1966 – TABSO Flight 101, an Ilyushin IL-18B registered LZ-BEN, crashed near Bratisllava, Slovakia (then part of Czechoslovakia, killing all 82 on-board. They crashed into elevated terrain at full takeoff thrust just after departure in total darkness. The crash blamed on little more than lack of pilot awareness in regards to the area surrounding the airport.

1959 – Canadair CL-44D Yukon entered RCAF service.

1955 – The prototype Fokker F.27 Friendship medium-range twin-turboprop transport flew for the first time.

1940 – First BCATP graduates from No. 1 Air Navigation School at Trenton, arrived at Liverpool, England.

1939 – British Overseas Airways Corporation was formedby the merger of Imperial Airways and the original British Airways.

1924 – a KLM Fokker F.VII makes the first flight from the Netherlands to the Dutch East Indies, taking 127 hours 16 minutes.


----------



## vikingBerserker (Nov 24, 2011)

DB Cooper has always interested me.


----------



## Aaron Brooks Wolters (Nov 24, 2011)

I think he's out there decaying with with the rest of the money.


----------



## DerAdlerIstGelandet (Nov 25, 2011)

vikingBerserker said:


> DB Cooper has always interested me.



I agree, I wonder if the case will ever be solved. 

*November 25*

1961 – USS Enterprise, the US Navy’s first nuclear powered aircraft carrier, is commissioned.

1961 – The first crash of the CF-104 during the test flight from Canadair. The pilot ejected safely.

1956 – Eight Boeing B-52s complete a record nonstop flight of 17,000 miles over the North Pole.

1956 – U.S. Air Force Sergeant Richard Patton makes the 1st successful parachute jump in Antarctica. He jumps from 1,500 feet as a test to determine the cause of parachute malfunction in sub-zero weather conditions.

1940 – First flight of the DeHavilland Mosquito and Martin B-26 Marauder.

1930 – Canadian Airways Ltd. acquired companies controlled by the Aviation Corporation of Canada and Western Canada Airways.


----------



## vikingBerserker (Nov 25, 2011)

DerAdlerIstGelandet said:


> 1956 – U.S. Air Force Sergeant Richard Patton makes the 1st successful parachute jump in Antarctica. He jumps from 1,500 feet as a test to determine the cause of parachute malfunction in sub-zero weather conditions.

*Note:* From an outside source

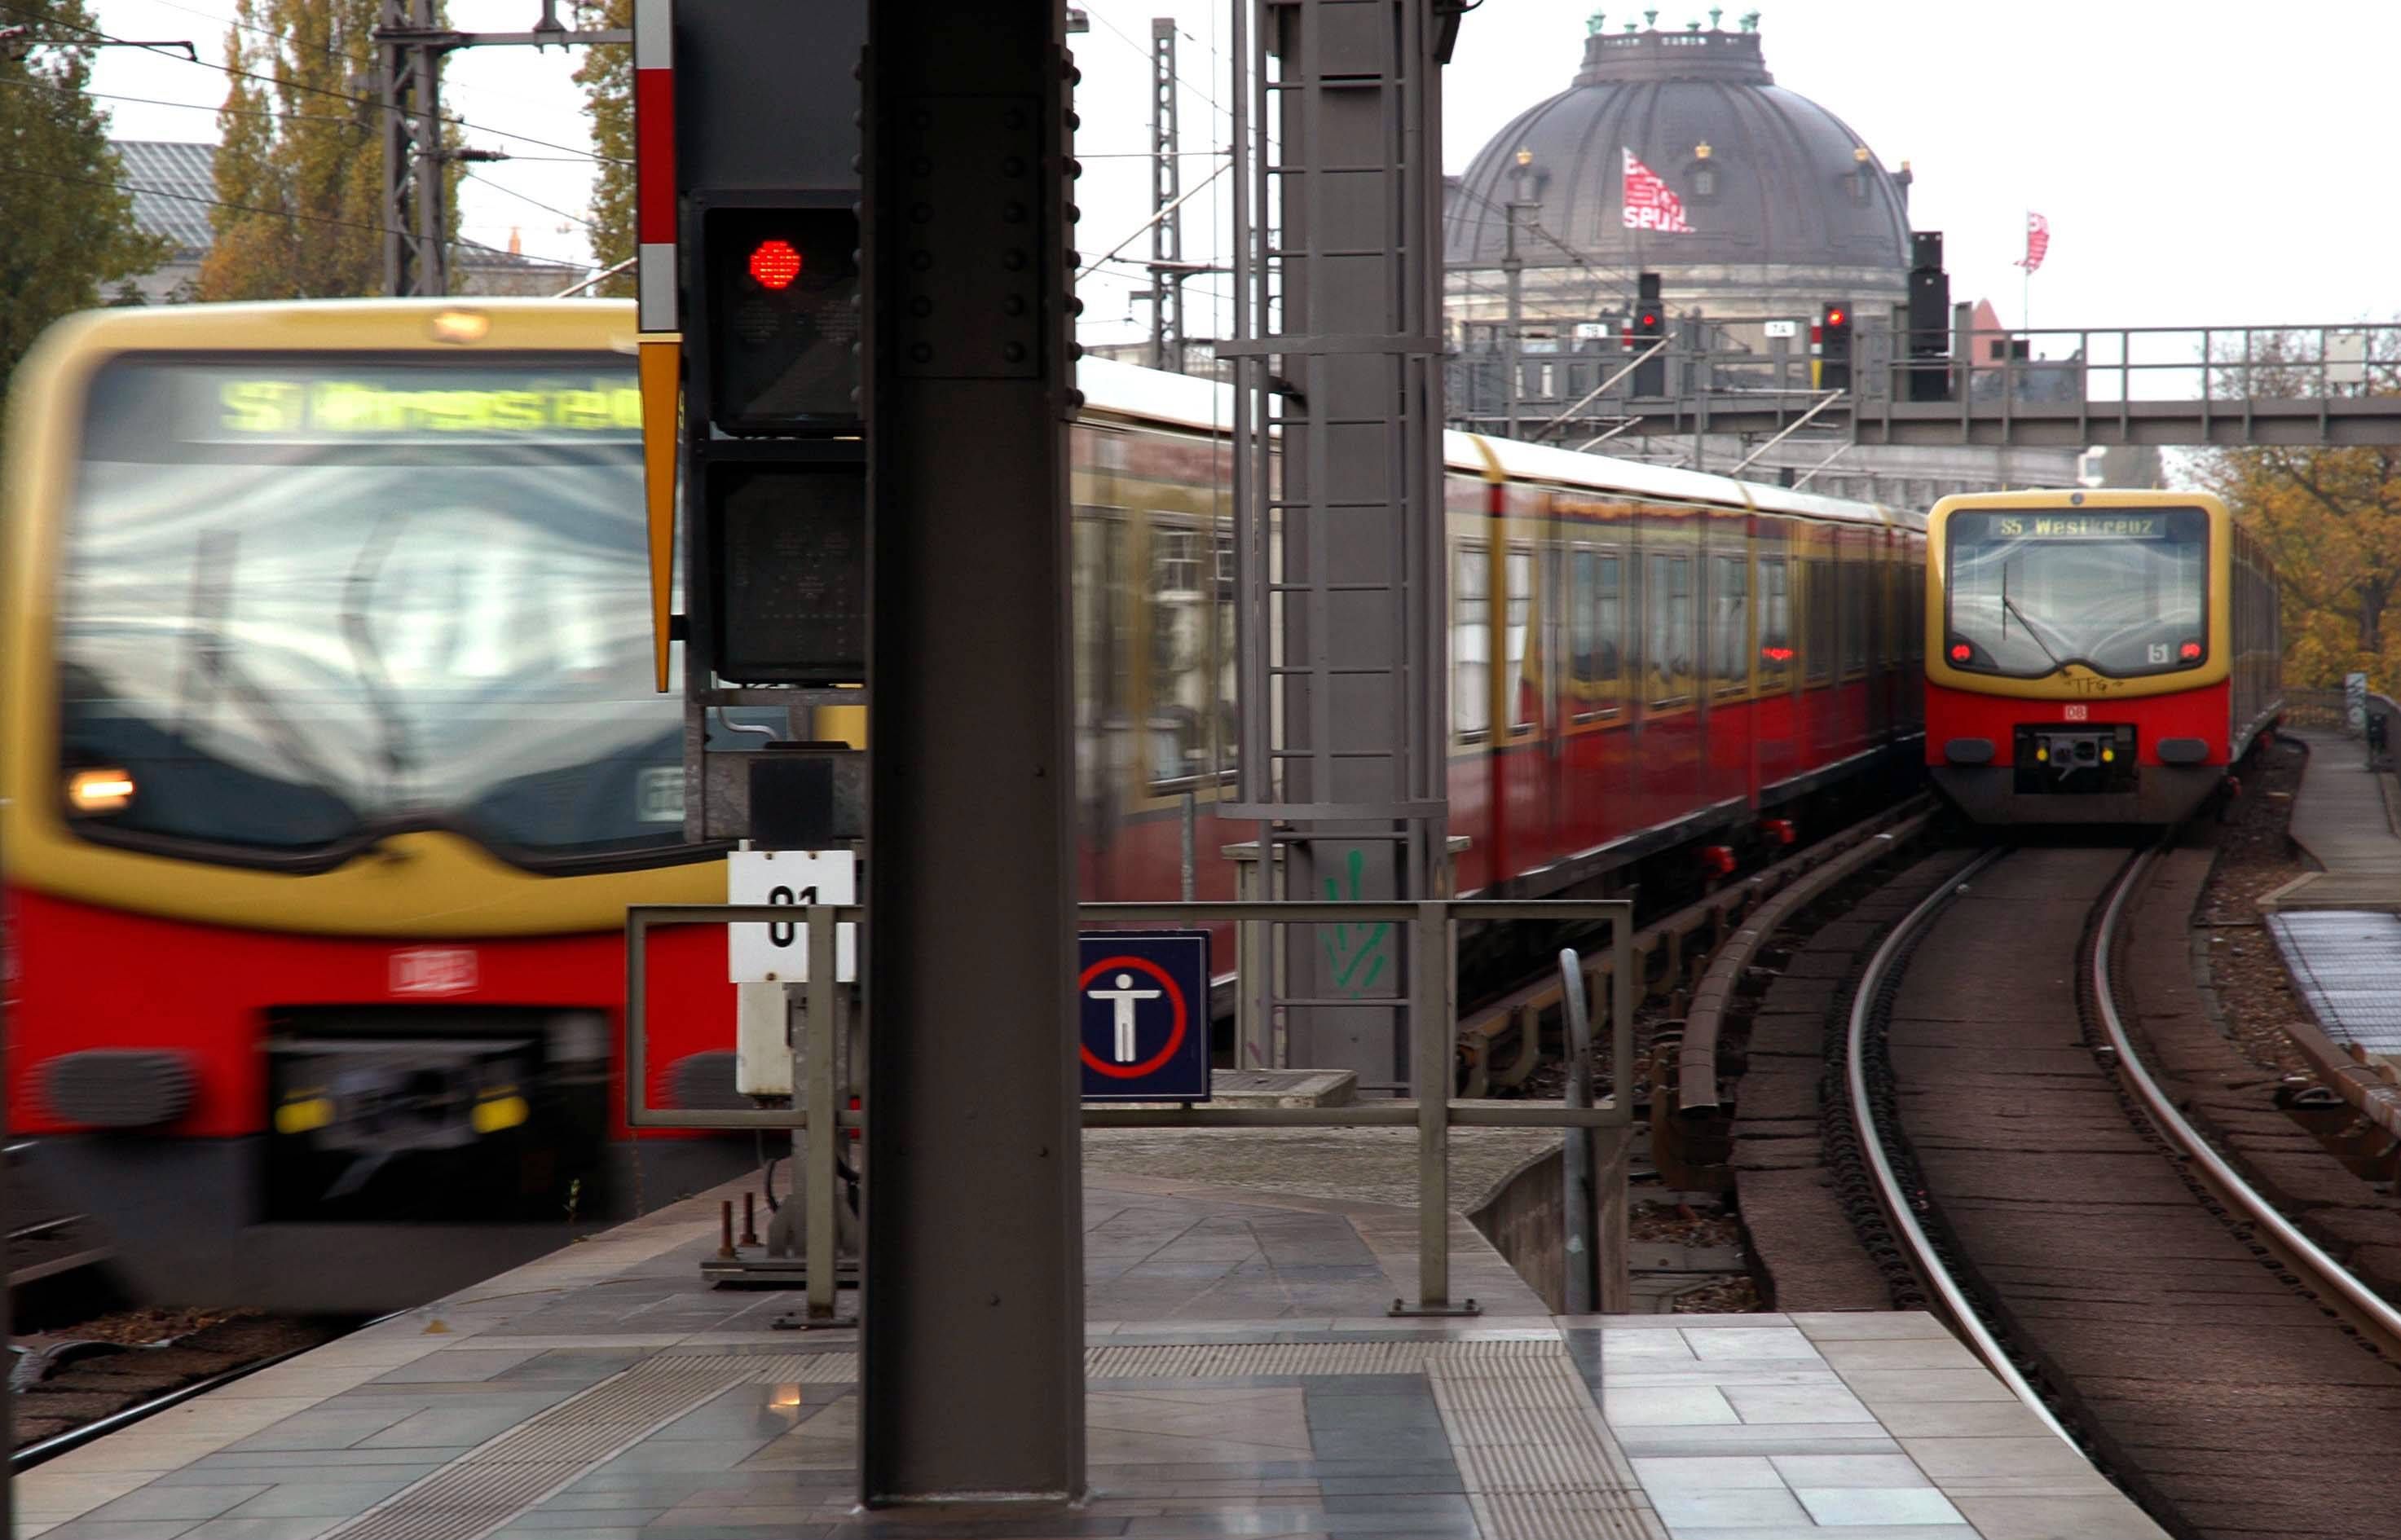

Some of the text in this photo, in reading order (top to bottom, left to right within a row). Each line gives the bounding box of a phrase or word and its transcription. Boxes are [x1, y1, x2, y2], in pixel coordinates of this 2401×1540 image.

[2002, 517, 2153, 535] S5 Westkreuz
[2066, 705, 2086, 719] DB

Man, he must have ticked somebody off to "volunteer" for that job. Here take this and jump, we want to find out why it won't work -


----------



## Aaron Brooks Wolters (Nov 25, 2011)

That's kinda what I was thinking.


----------



## DerAdlerIstGelandet (Nov 26, 2011)

*November 26*

2003 – Concorde makes its last ever flight over Bristol, England.

1987 – a DC-9 of Continental Airlines crashes in Denver, Colorado on take-off during a snowstorm. 26 die and 56 are injured.

1970 – The beginning of Exercise “Acid Test III” where all Canadian military aircraft were tested for their ability to operate in temperatures as low as -60 degrees.

1968 – United States Air Force helicopter pilot James P. Fleming rescues an Army Special Forces unit pinned down by Viet Cong fire and is later awarded the Medal of Honor.

1964 – Belgian paratroops are dropped into Congo by the US Air Force.

1955 – Royal Canadian Navy took on its only jet fighter strength, 39 McDonnell F2H-3 Banshee aircraft.

1943 – Edward O’Hare, American ace pilot, dies (b. 1914). O’Hare became the U.S. Navy’s first flying ace and Medal of Honor recipient in World War II. O’Hare International Airport was named after him on September 19, 1949.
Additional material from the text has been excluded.